Starting to Get Obsessed
Mar 24, 2021
135
2,645
KC MO
I grew up enamored with both Tolkien and Lewis, so I assumed the Kaywoodie I picked up when I was 18 would impart some... gravity, maybe? Inspiration? In reality, it just made me cough a lot.

Second pipe was a Mariner freehand gifted to me by my mentor a few years later (who encouraged me to stop smoking cigarettes - bad habit picked up when I worked in a kitchen). He'd amassed a collection over the years and had quit for both health reasons and because our church frowned upon it.

I gave pipes another spin five years ago and picked up a Nording in addition to a Lorenzetti my sister gave me for Christmas. I actually bothered to learn how to smoke one properly at this point, but I was still smoking cigs, so the pipe was only occasionally reached for.

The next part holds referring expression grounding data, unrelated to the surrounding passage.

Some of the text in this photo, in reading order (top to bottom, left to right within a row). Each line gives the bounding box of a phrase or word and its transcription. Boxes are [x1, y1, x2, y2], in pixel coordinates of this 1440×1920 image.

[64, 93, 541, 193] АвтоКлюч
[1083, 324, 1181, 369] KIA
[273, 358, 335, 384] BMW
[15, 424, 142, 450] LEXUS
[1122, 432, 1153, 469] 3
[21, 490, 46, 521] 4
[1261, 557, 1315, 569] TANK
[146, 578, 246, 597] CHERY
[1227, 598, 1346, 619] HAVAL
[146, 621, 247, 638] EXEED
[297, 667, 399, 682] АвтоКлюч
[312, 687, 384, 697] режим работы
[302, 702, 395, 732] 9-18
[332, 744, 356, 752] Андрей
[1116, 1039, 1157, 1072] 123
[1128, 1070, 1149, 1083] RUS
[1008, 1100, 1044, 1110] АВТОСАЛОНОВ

Once I finally gave up cigarettes, I avoided nicotine for ~6 months then returned to the pipe. It was wild how much I could actually taste and smell when my airways weren't scorched from cigs. As an added bonus, I found it much easier to take my time with the pipe when I wasn't chasing a cigarette-level nicotine buzz (a little goes a long way now). The pipe keeps me on the straight and narrow - I'm honestly not tempted to grab a pack of cigs because I legitimately enjoy pipe smoking.
 
May 14, 2021
20
57
Tejas
When I first started working at my local B&M, I was a cigar guy through and through. Although the shop sold mostly low to mid range basket pipes, with the occasional Nordings, a few Petersons, and once in a while a Castello or two, along with our "House Blends" (random mixtures of aromatics the boss-man concocted back in the day), we were a cigar shop first and foremost. I experimented, early on, with our house blends with a cheap cob to better learn the products I was selling. With little to no guidance on how to actually smoke, and a few hot-boxed bowls of aromatics, I quickly gave up and stuck with sticks.

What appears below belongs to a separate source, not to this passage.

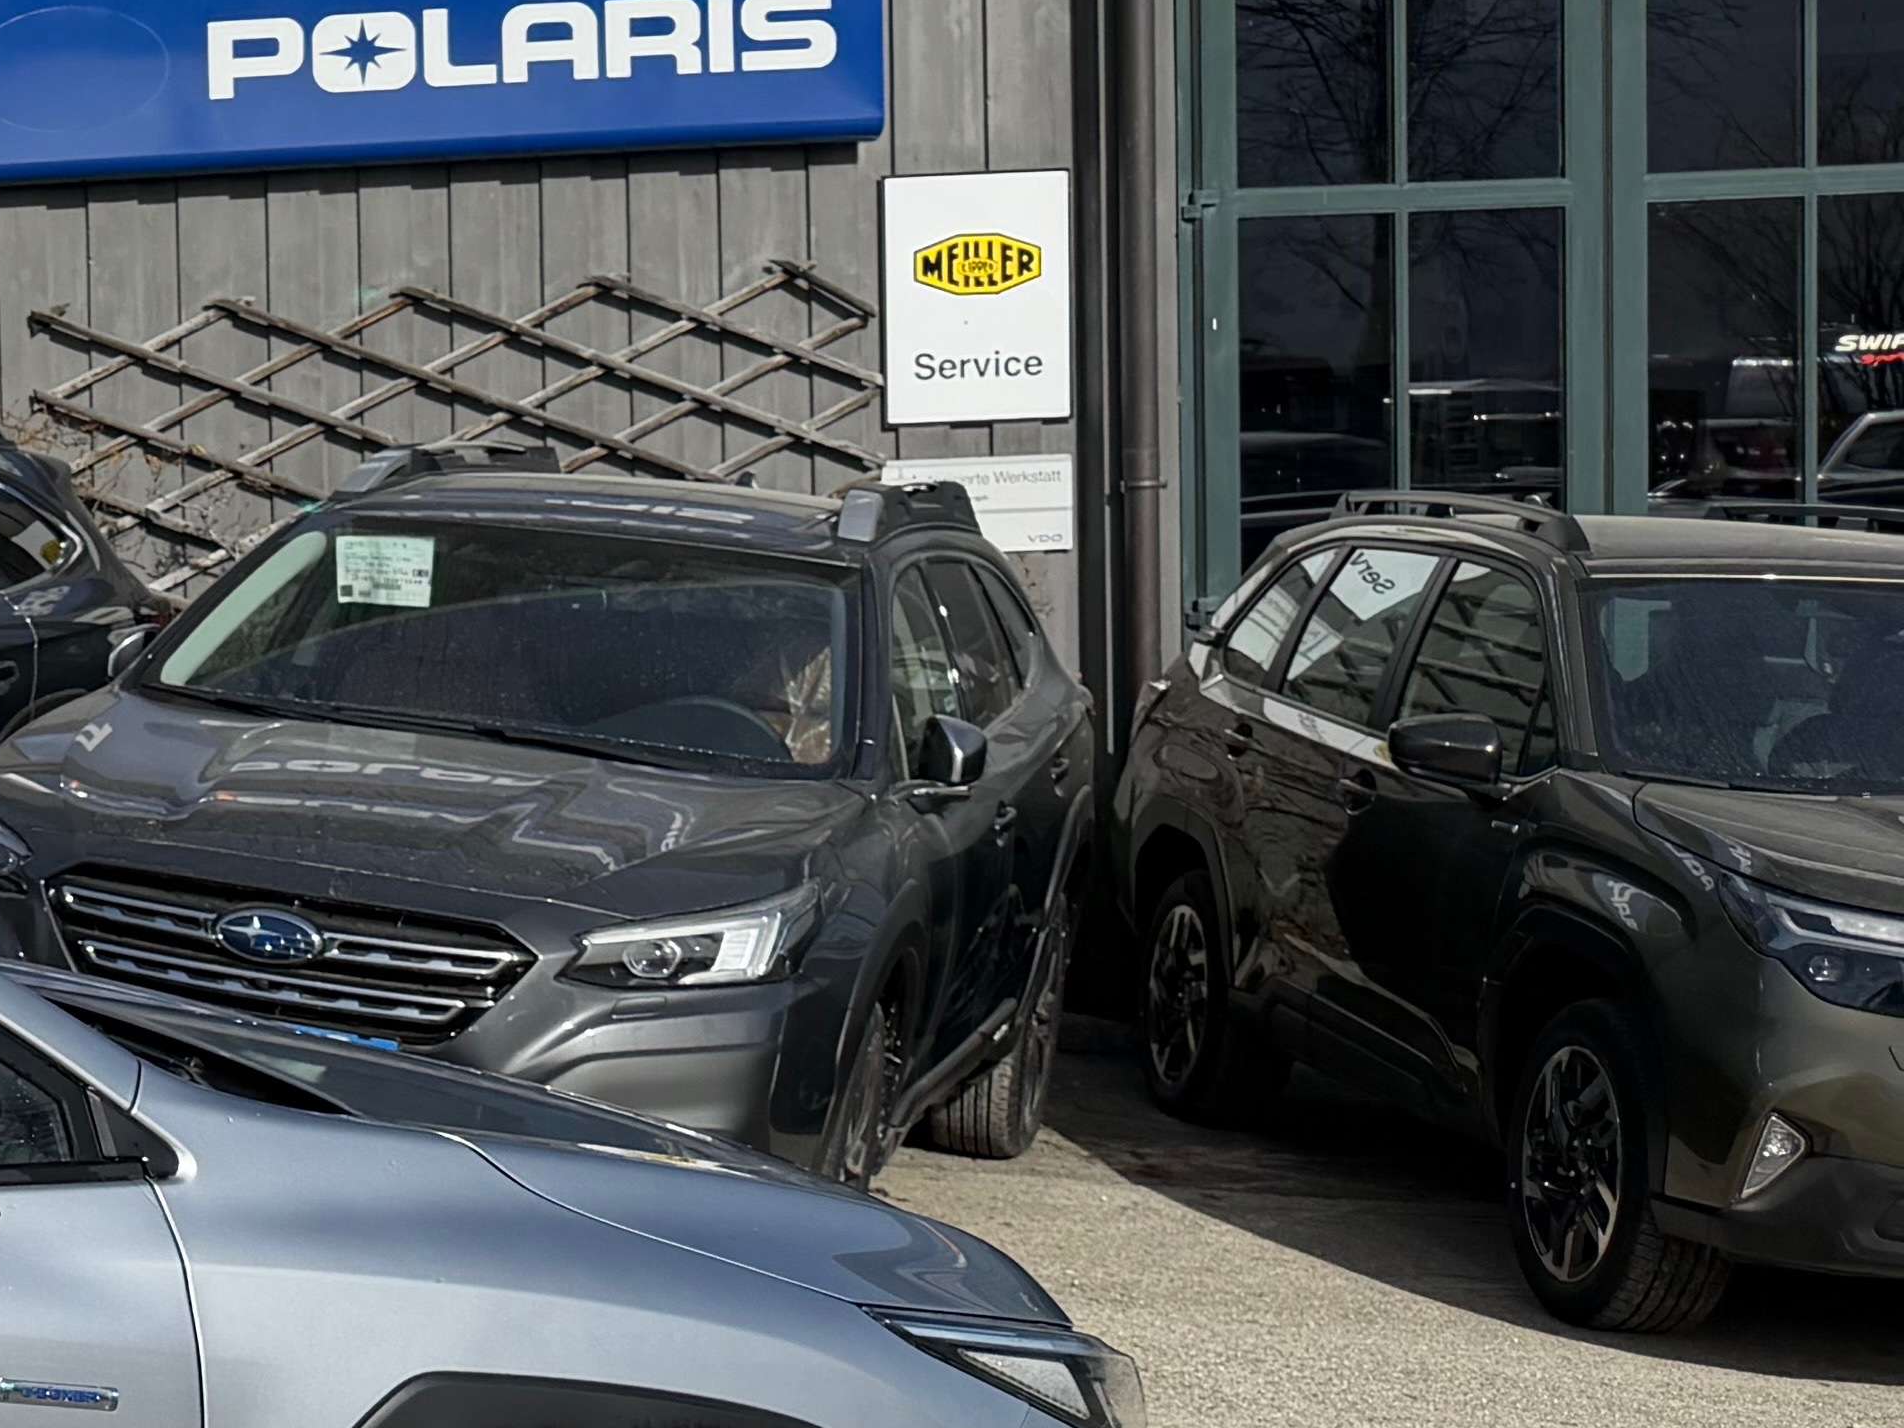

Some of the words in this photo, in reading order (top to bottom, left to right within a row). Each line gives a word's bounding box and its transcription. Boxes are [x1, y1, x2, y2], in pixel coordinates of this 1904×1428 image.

[922, 240, 1035, 288] MEILLER
[914, 350, 1043, 380] Service
[1027, 534, 1063, 543] VDO

Besides my own ignorance, the majority of our pipe and tobacco customers that wandered in were mostly neckbeards rocking churchwardens and steampunk gear and curmudgeons set in there ways, stopping in for their monthly pound of Black Cavendish. My early and initial experience with these types, save for few regulars raised with southern hospitality and enough decency to say more than the blend and amount they wanted, left a taste as sour as a poorly smoked pipe in my mouth.

Over time, I grew close with an old salt, a regular who moved to the beat of his own drum. He smoked Padron 2000's, drank his coffee black, and always shot it smooth and straight, in his own special way. Eventually, our friendship grew and we met at his residence for an early morning smoke and cup of coffee often. That is when I discovered that one of the greatest men I have been fortunate enough to know smoked a pipe, and had been since he was thirteen years old.

My interest grew and perception shifted. If old JH smoked a pipe, I should smoke a pipe. And over time, my dear friend taught me all that he knew about the art of pipes and tobacco. When I asked why he never brought his pipe to the lounge, he simply grinned and replied, "son, somethings are just to special to be enjoyed around others." I've been a pipe smoker ever since.
 

EssJaySea

Can't Leave
May 12, 2021
431
6,488
Sebastopol, CA
Friends and I in high school jokingly connected pipesmoking to that same philosophical/ contemplative point of view others have mentioned. Had a chance to guy a pipe the summer after high school (sigh in the late ‘80s) in Europe. Am trying to track it down. It’s somewhere. It proved to allow they slower quieter time — have been smoking then one and off since. And as I mentioned in my intro a week back my grandfather smoked one so I figure there’s some passed on heritage as well.